Pelo menos duas grandes ONGs - o Instituto de Defesa do Consumidor (Idec) e o Greenpeace - já apresentaram recursos à decisão do TRF-1, o que faz com que os ambientalistas acreditem que as novas atribuições concedidas à CTNBio não se darão na prática. Também presente ao simpósio no Rio, David Hathaway, da direção da Assessoria e Serviços a Projetos em Agricultura Alternativa (AS-PTA), lembra que, além dos recursos apresentados, o tribunal manteve a ordem cautelar que impede a Monsanto de comercializar sua soja transgênica Roundup Ready no Brasil: “A comercialização da soja RR ainda depende de um julgamento em ação específica. Os transgênicos continuam proibidos e qualquer afirmação de que eles agora estão liberados no Brasil é mera propaganda, sem respaldo jurídico”, disse.

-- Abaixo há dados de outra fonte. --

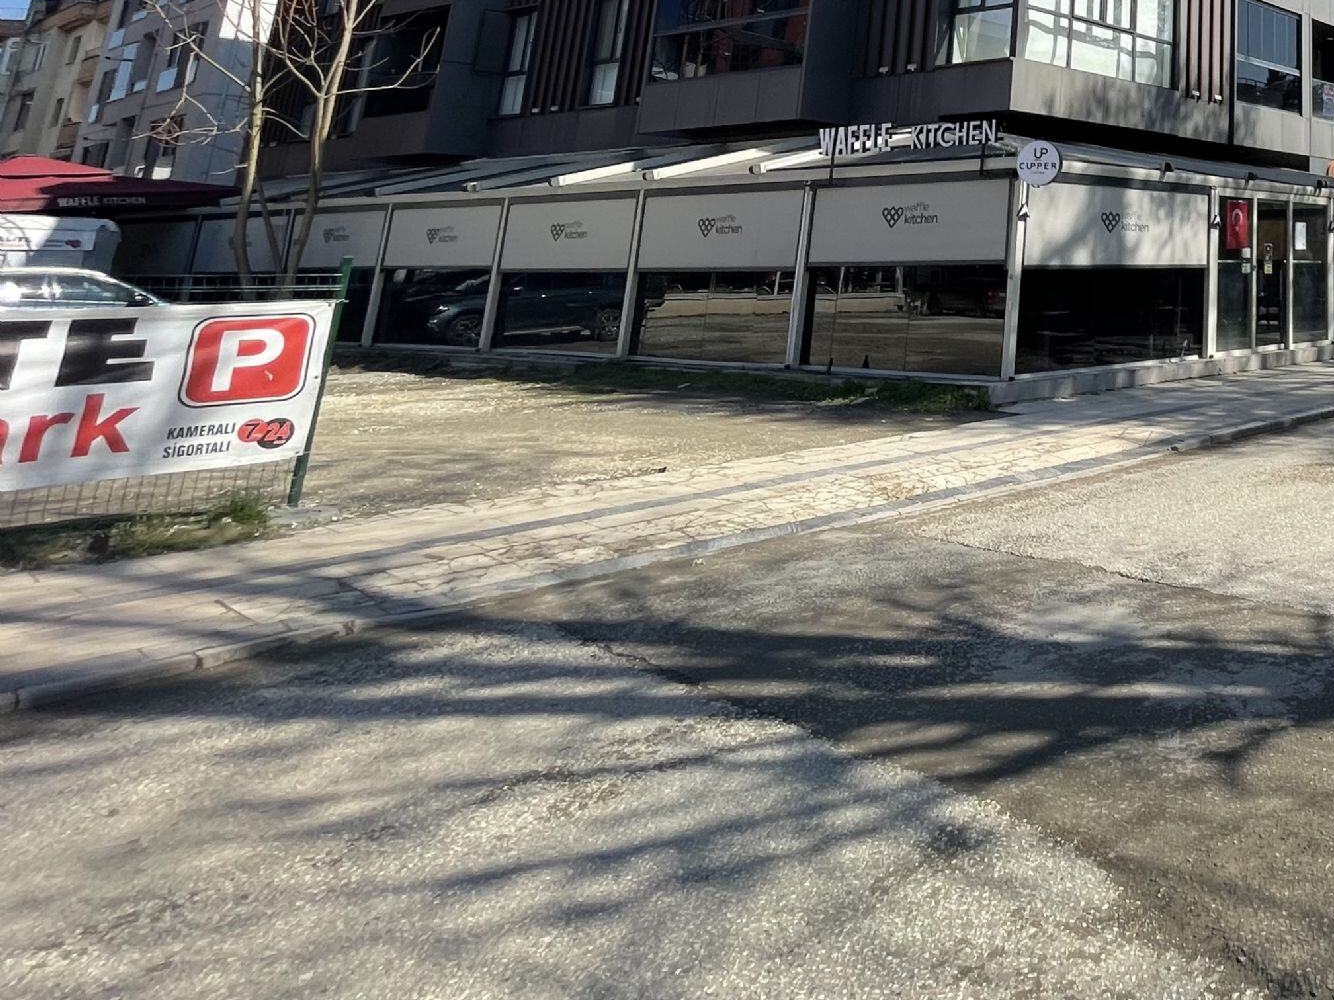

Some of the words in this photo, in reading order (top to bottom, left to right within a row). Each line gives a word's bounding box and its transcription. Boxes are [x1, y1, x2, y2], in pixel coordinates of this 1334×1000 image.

[819, 122, 891, 156] WAFFLE
[911, 119, 998, 149] KITCHEN
[1034, 147, 1048, 159] UP
[1019, 162, 1057, 170] CUPPER
[904, 202, 930, 212] waffle
[904, 213, 938, 224] kitchen
[715, 224, 743, 235] kitchen
[1121, 222, 1149, 232] kitchen
[210, 328, 285, 393] P
[0, 393, 141, 465] rk
[166, 422, 237, 440] KAMERALI
[162, 441, 231, 459] SİGORTALI

Produtos Podem Ser Liberados

A maior preocupação dos ambientalistas, no entanto, é que a CTNBio aproveite a decisão do TRF-1 para em sua próxima reunião mensal, que acontece nos dias 21 e 22 de setembro, tentar liberar a comercialização de uma série de produtos transgênicos e aprofundar a política do fato consumado que já levou o governo Lula a liberar a plantação da soja RR nas lavouras do Rio Grande do Sul. Informações de bastidores dão conta de que até 20 pedidos de liberação comercial podem ser apresentados na próxima reunião da comissão. Os pedidos serão para alimentos a base de soja e milho transgênicos, além de medicamentos e vacinas para pessoas e animais. Rubens Nodari não tem dúvida de que esses pedidos de liberação comercial serão apresentados já na próxima reunião: “Eu vou votar contra todos eles, mas pode ter certeza de que serei voto vencido”, afirma.

 

Subordinada ao Ministério da Ciência e Tecnologia, a CTNBio foi criada em 1995, durante o governo de Fernando Henrique Cardoso. No início, tinha poderes para analisar e emitir pareceres sobre a liberação comercial de organismos geneticamente modificados. Com seus membros eleitos somente por indicação do Ministério, a Comissão sempre foi composta majoritariamente por pessoas ligadas direta ou indiretamente à indústria da biotecnologia ou ao agronegócio.

 

Esse perfil fez com que as decisões da CTN-Bio sempre fossem, em sua maioria, bastante liberais frente à introdução dos transgênicos no Brasil. Por outro lado, o caráter liberal da comissão e o fato de sua atuação ser prioritariamente subordinada aos interesses do mercado angariaram a imediata oposição das entidades que atuam em defesa do meio ambiente. Diversas ações foram ajuizadas pedindo a redução dos poderes da CTNBio, até que em 1999 uma decisão da Justiça proibiu a comissão de deliberar sobre a comercialização dos transgênicos, reduzindo sua autoridade a liberação de pesquisas e experimentos científicos. Com o início do governo Lula e o plantio ilegal da soja RR pelos agricultores gaúchos incentivados pela Monsanto, a CTNBio voltou a freqüentar as páginas dos jornais.


Críticas ao TRF-1

O aumento dos poderes da CTNBio é duramente criticado no boletim da Campanha por um Brasil Livre de Transgênicos, que reúne dezenas de ONGs no País: “Com a decisão, diz a Justiça que um órgão vinculado ao Ministério de Ciência e Tecnologia deve ser o único com atribuição e poder deliberativo em assuntos relacionados à saúde e ao meio ambiente. A CTNBio passa então a ter o papel de vários ministérios, desrespeitando frontalmente a Constituição Federal (Art. 76) que diz que estes são os principais órgãos auxiliares do Presidente da República”, diz o texto do boletim.

 

Citando um trecho do voto do desembargador João Batista Moreira, que diz que “a CTNBio ressente-se de suficiente legitimidade democrática e não possui independência para decidir a matéria em caráter conclusivo e vinculante”, o boletim volta a afirmar que a decisão do TRF-1 contraria a Constituição: “Com a decisão final sobre transgênicos concentrada sob responsabilidade da CTNBio, fere-se também o princípio da competência compartilhada entre União, Estados e Municípios, também previsto constitucionalmente. A União não pode excluir os demais entes da Federação do processo de gestão ambiental e de saúde pública, sob pena de ferir o pacto federativo. Nada disso parece ter sido levado em conta na decisão do TRF-1”.